RADAR BOGOR - Pemerintah bersiap menyalurkan 5 bantuan sosial (Bansos) utama di awal tahun 2026 bagi keluarga penerima manfaat (KPM) PKH, BPNT, dan masyarakat penerima lainnya.
Pencairan Bansos ini dijadwalkan menjelang bulan suci Ramadan dan Idul Fitri, sehingga manfaatnya dapat dirasakan tepat waktu.
Informasi terbaru dari kanal YouTube GANIA VLOG menyebutkan, kelima Bansos tersebut akan kembali dicairkan secara bertahap pada awal tahun 2026.
Bansos ini mencakup Program Keluarga Harapan (PKH) tahap 1, Program Indonesia Pintar (PIP), BPNT sembako, BLT Dana Desa, serta PBI JKN/BPJS Kesehatan.
Bantuan PKH tahap 1 untuk alokasi Januari hingga Maret 2026 tetap dicairkan setiap tiga bulan sekali, baik melalui KKS Merah Putih maupun Kantor Pos Indonesia, sesuai mekanisme yang berlaku.
Program Indonesia Pintar (PIP) juga berlanjut pada 2026 dengan perluasan cakupan hingga siswa TK/PAUD.
Penyaluran PIP tetap dilakukan tiga termin per tahun: termin 1 (Februari–April), termin 2 (Mei–September), dan termin 3 (Oktober–Desember).
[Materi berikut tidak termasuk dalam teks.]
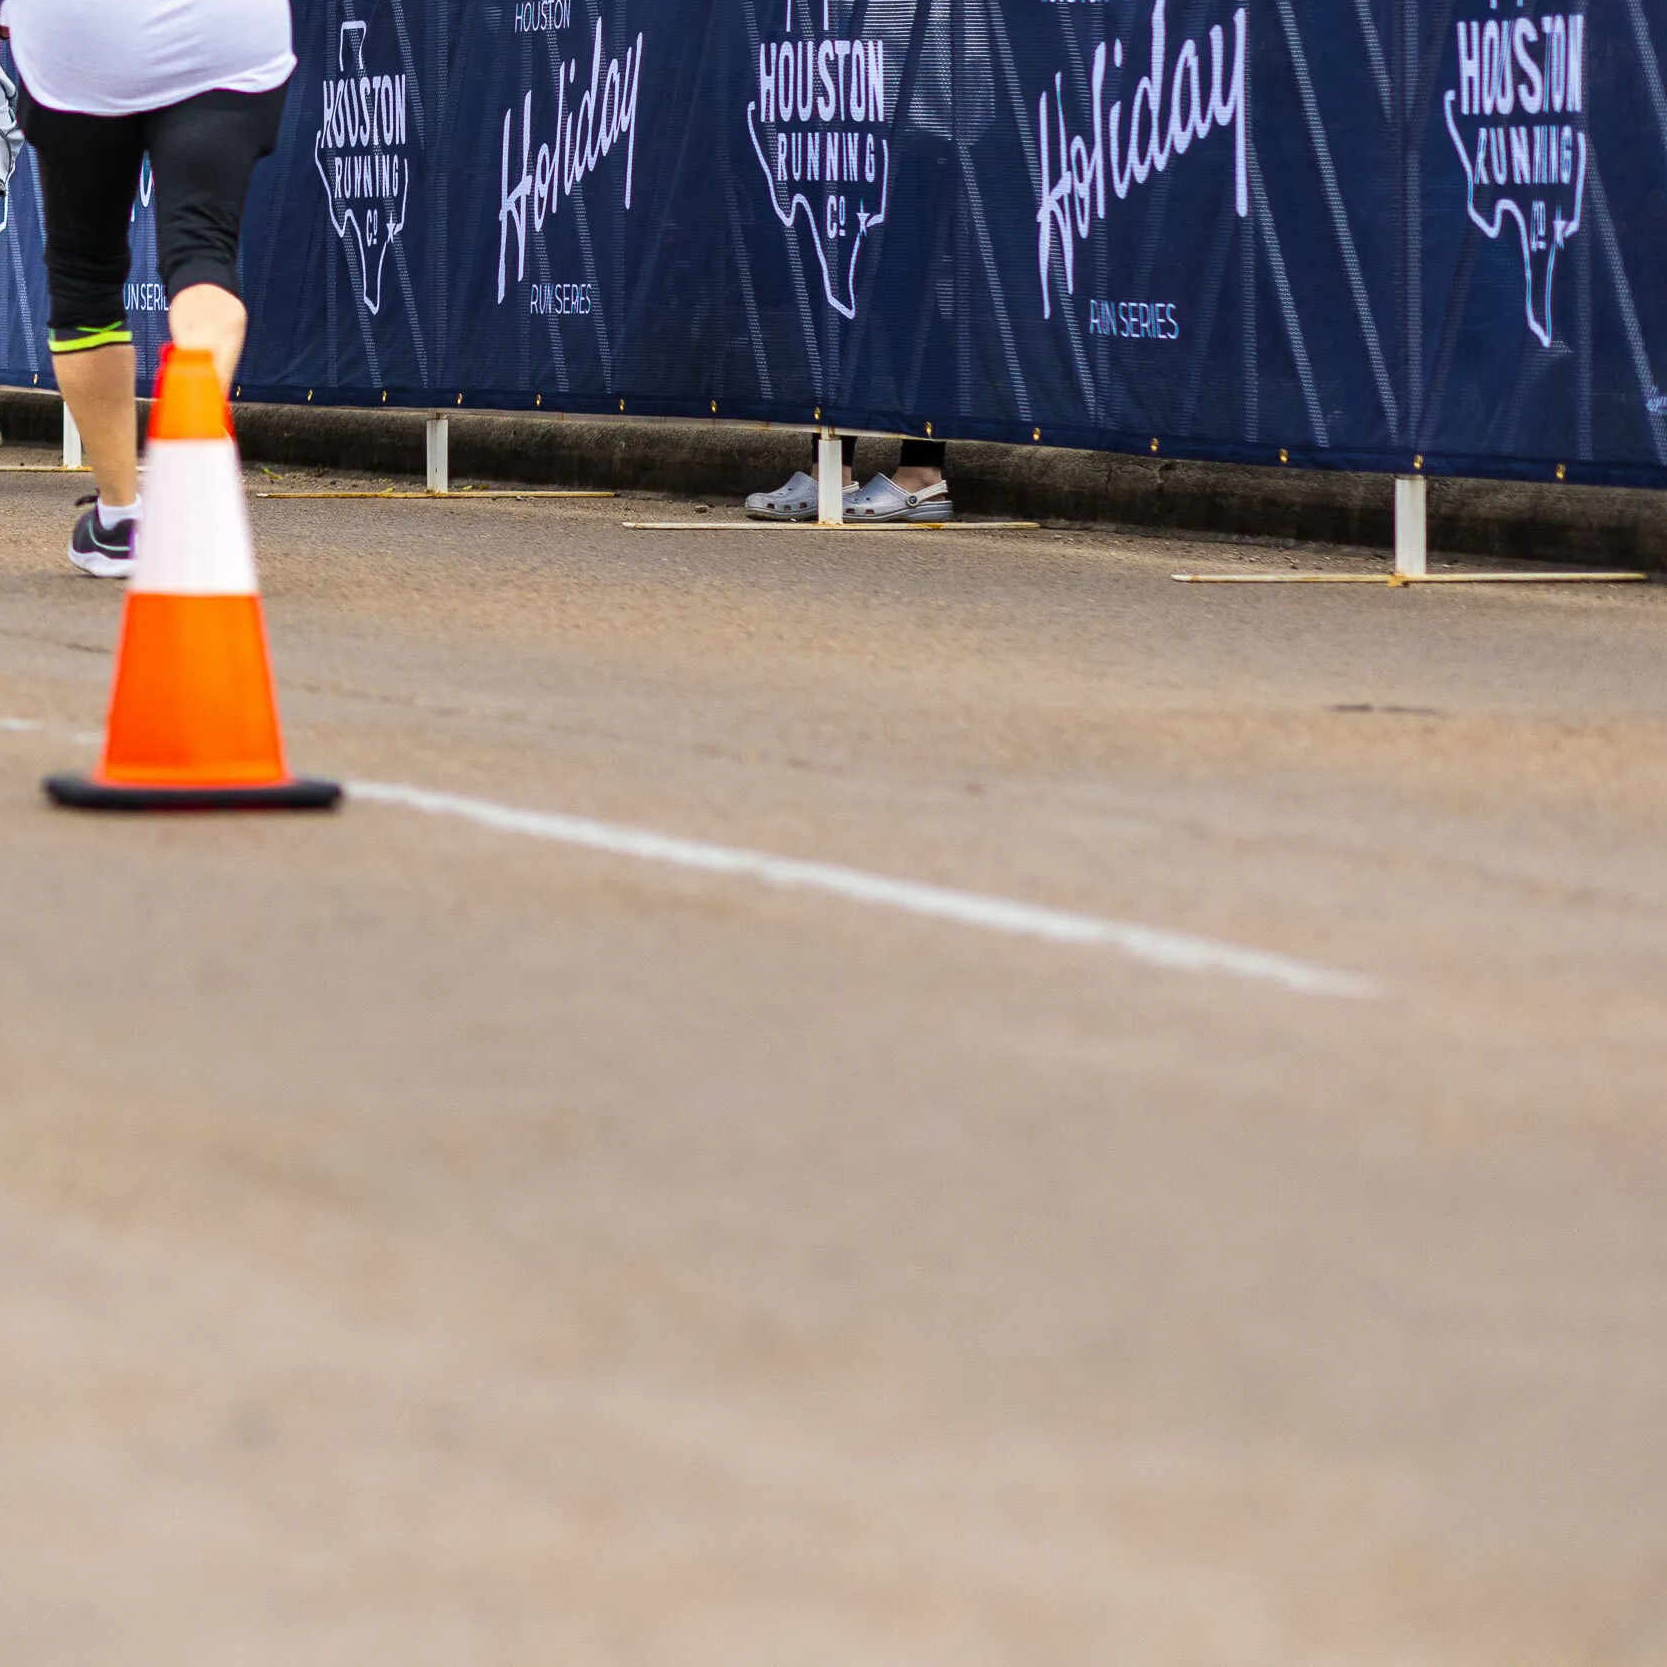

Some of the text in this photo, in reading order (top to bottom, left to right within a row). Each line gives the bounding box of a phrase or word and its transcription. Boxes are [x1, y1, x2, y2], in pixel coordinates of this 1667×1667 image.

Besaran Bansos disesuaikan dengan jenjang pendidikan, mulai dari Rp225.000 hingga Rp1.800.000 per tahun, tergantung kelas dan semester anak.
Bantuan BPNT sembako tetap berlanjut di tahun 2026, disalurkan setiap tiga bulan sekali untuk mendukung pemenuhan kebutuhan pangan keluarga miskin dan rentan.
Sementara itu, BLT Dana Desa akan tetap menjadi prioritas bagi warga miskin ekstrem dengan besaran rata-rata Rp300.000 per bulan.
Penetapan penerima dilakukan melalui verifikasi desa dan Musdesus, dan umumnya KPM PKH dan BPNT tidak menerima BLT Dana Desa.
Terakhir, pemerintah tetap membayarkan iuran PBI JKN/BPJS Kesehatan untuk kelompok miskin dan rentan, sehingga akses layanan kesehatan publik tetap gratis bagi pemegang Kartu Indonesia Sehat (KIS).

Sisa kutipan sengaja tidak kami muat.